Unconditioned reflexes- These are innate, hereditarily transmitted reactions of the body. Conditioned reflexes- these are reactions acquired by the body in the process of individual development on the basis of “life experience”.

Unconditioned reflexes are specific, that is, characteristic of all representatives of a given species. Conditioned reflexes are individual: some representatives of the same species may have them, while others may not.

Unconditioned reflexes are relatively constant; conditioned reflexes are not constant and, depending on certain conditions, they can be developed, consolidated or disappear; This is their property and is reflected in their very name.

Unconditioned reflexes are carried out in response to adequate stimulation applied to one specific receptive field. Conditioned reflexes can be formed to a wide variety of stimuli applied to various receptive fields.

In animals with a developed cerebral cortex, conditioned reflexes are a function of the cerebral cortex. After removing the cerebral cortex, the developed conditioned reflexes disappear and only unconditioned ones remain. This indicates that in the implementation of unconditioned reflexes, in contrast to conditioned ones, the leading role belongs to the lower parts of the central nervous system - the subcortical nuclei, brain stem and spinal cord. It should be noted, however, that in humans and monkeys, who have a high degree of corticalization of functions, many complex unconditioned reflexes are carried out with the obligatory participation of the cerebral cortex. This is proven by the fact that its lesions in primates lead to pathological disorders of unconditioned reflexes and the disappearance of some of them.

It should also be emphasized that not all unconditioned reflexes appear immediately at the time of birth. Many unconditioned reflexes, for example, those associated with locomotion and sexual intercourse, arise in humans and animals a long time after birth, but they necessarily appear under the condition of normal development of the nervous system. Unconditioned reflexes are part of the fund of reflex reactions strengthened in the process of phylogenesis and hereditarily transmitted.

Conditioned reflexes are developed on the basis of unconditioned reflexes. For the formation of a conditioned reflex, it is necessary to combine in time some kind of change in the external environment or the internal state of the body, perceived by the cerebral cortex, with the implementation of one or another unconditioned reflex. Only under this condition does a change in the external environment or internal state of the body become a stimulus to a conditioned reflex - a conditioned stimulus, or signal. The irritation that causes an unconditioned reflex - unconditioned irritation - must, during the formation of a conditioned reflex, accompany the conditioned irritation and reinforce it.

In order for the clinking of knives and forks in the dining room or the knocking of a cup from which a dog is fed to cause salivation in the first case in a person, in the second case in a dog, it is necessary to re-coincidence of these sounds with food - reinforcement of stimuli that are initially indifferent to salivary secretion by feeding , i.e., unconditional irritation of the salivary glands. Likewise, the flashing of an electric light bulb in front of a dog’s eyes or the sound of a bell will only cause conditioned reflex flexion of the paw if they are repeatedly accompanied by electrical irritation of the skin of the leg, causing an unconditioned flexion reflex whenever it is used.

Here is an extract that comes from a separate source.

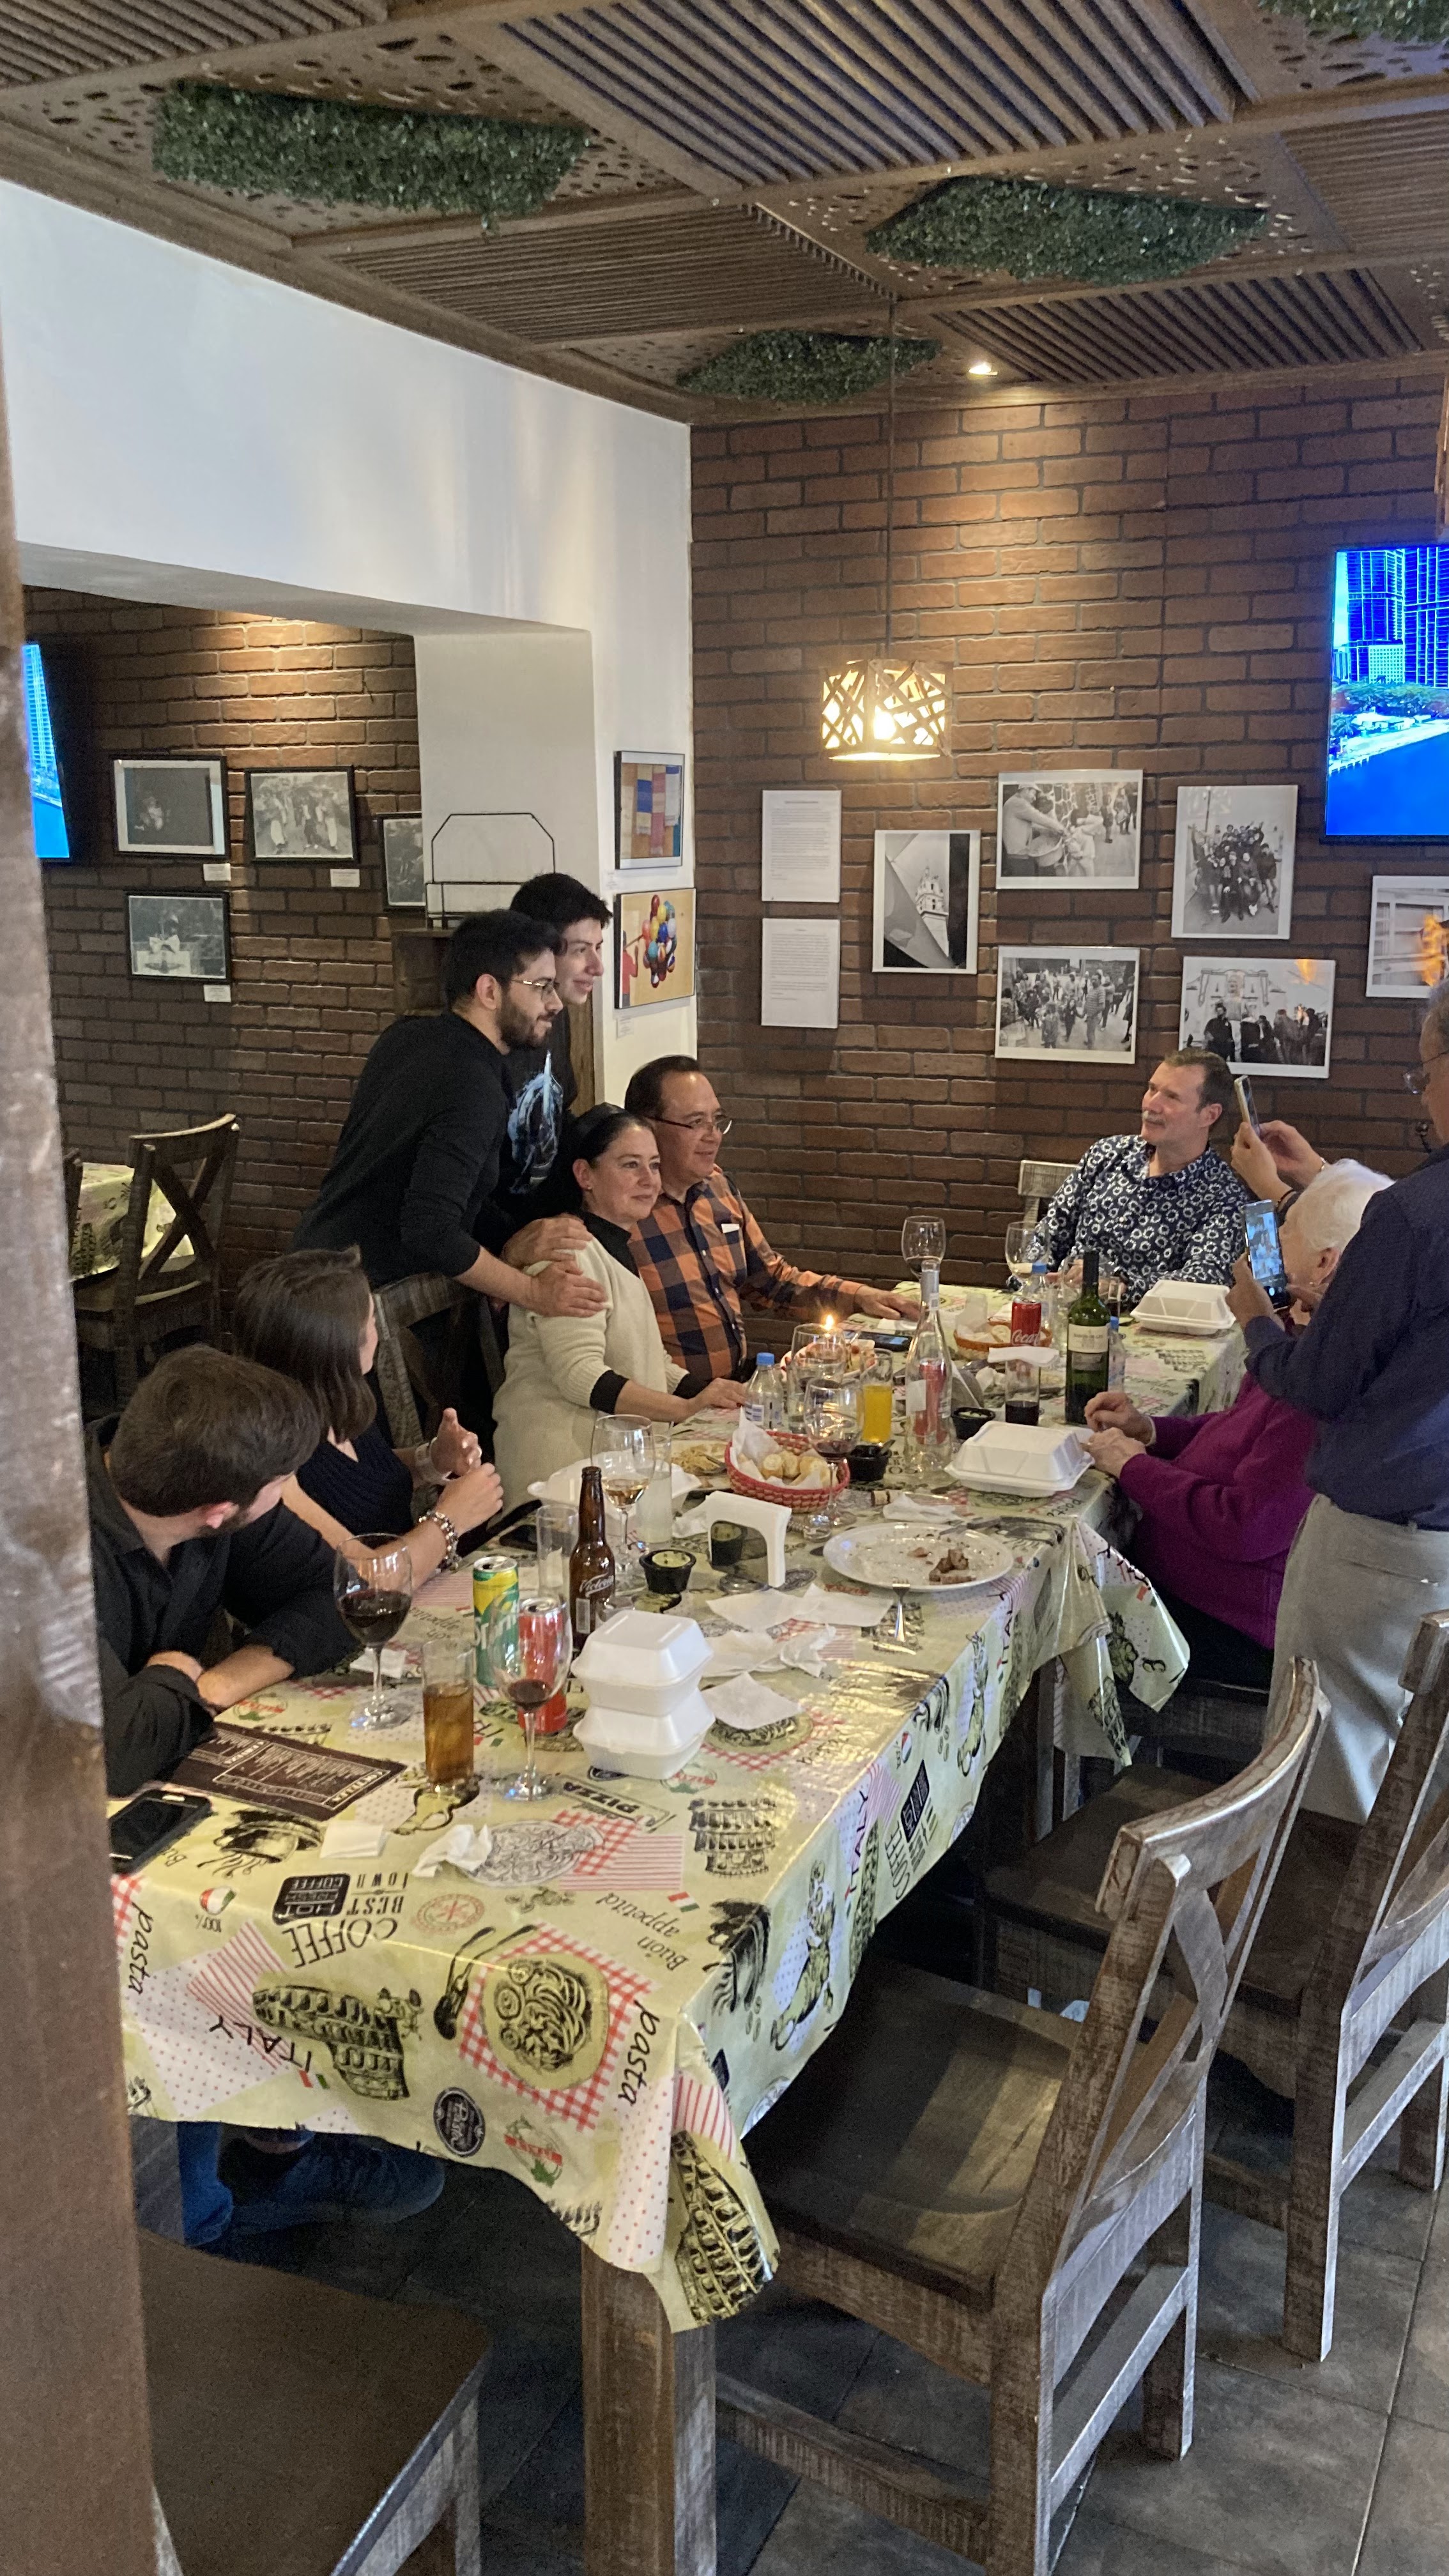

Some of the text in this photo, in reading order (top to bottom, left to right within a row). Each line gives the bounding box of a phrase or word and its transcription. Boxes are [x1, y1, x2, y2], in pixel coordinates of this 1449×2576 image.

Similarly, a child’s crying and his hands pulling away from a burning candle will be observed only if the sight of the candle first coincided at least once with the feeling of a burn. In all the above examples, external agents that are initially relatively indifferent - the clinking of dishes, the sight of a burning candle, the flashing of an electric light bulb, the sound of a bell - become conditioned stimuli if they are reinforced by unconditioned stimuli. Only under this condition do the initially indifferent signals of the external world become stimuli for a certain type of activity.

For the formation of conditioned reflexes, it is necessary to create a temporary connection, a closure between the cortical cells that perceive conditioned stimulation and the cortical neurons that are part of the unconditioned reflex arc.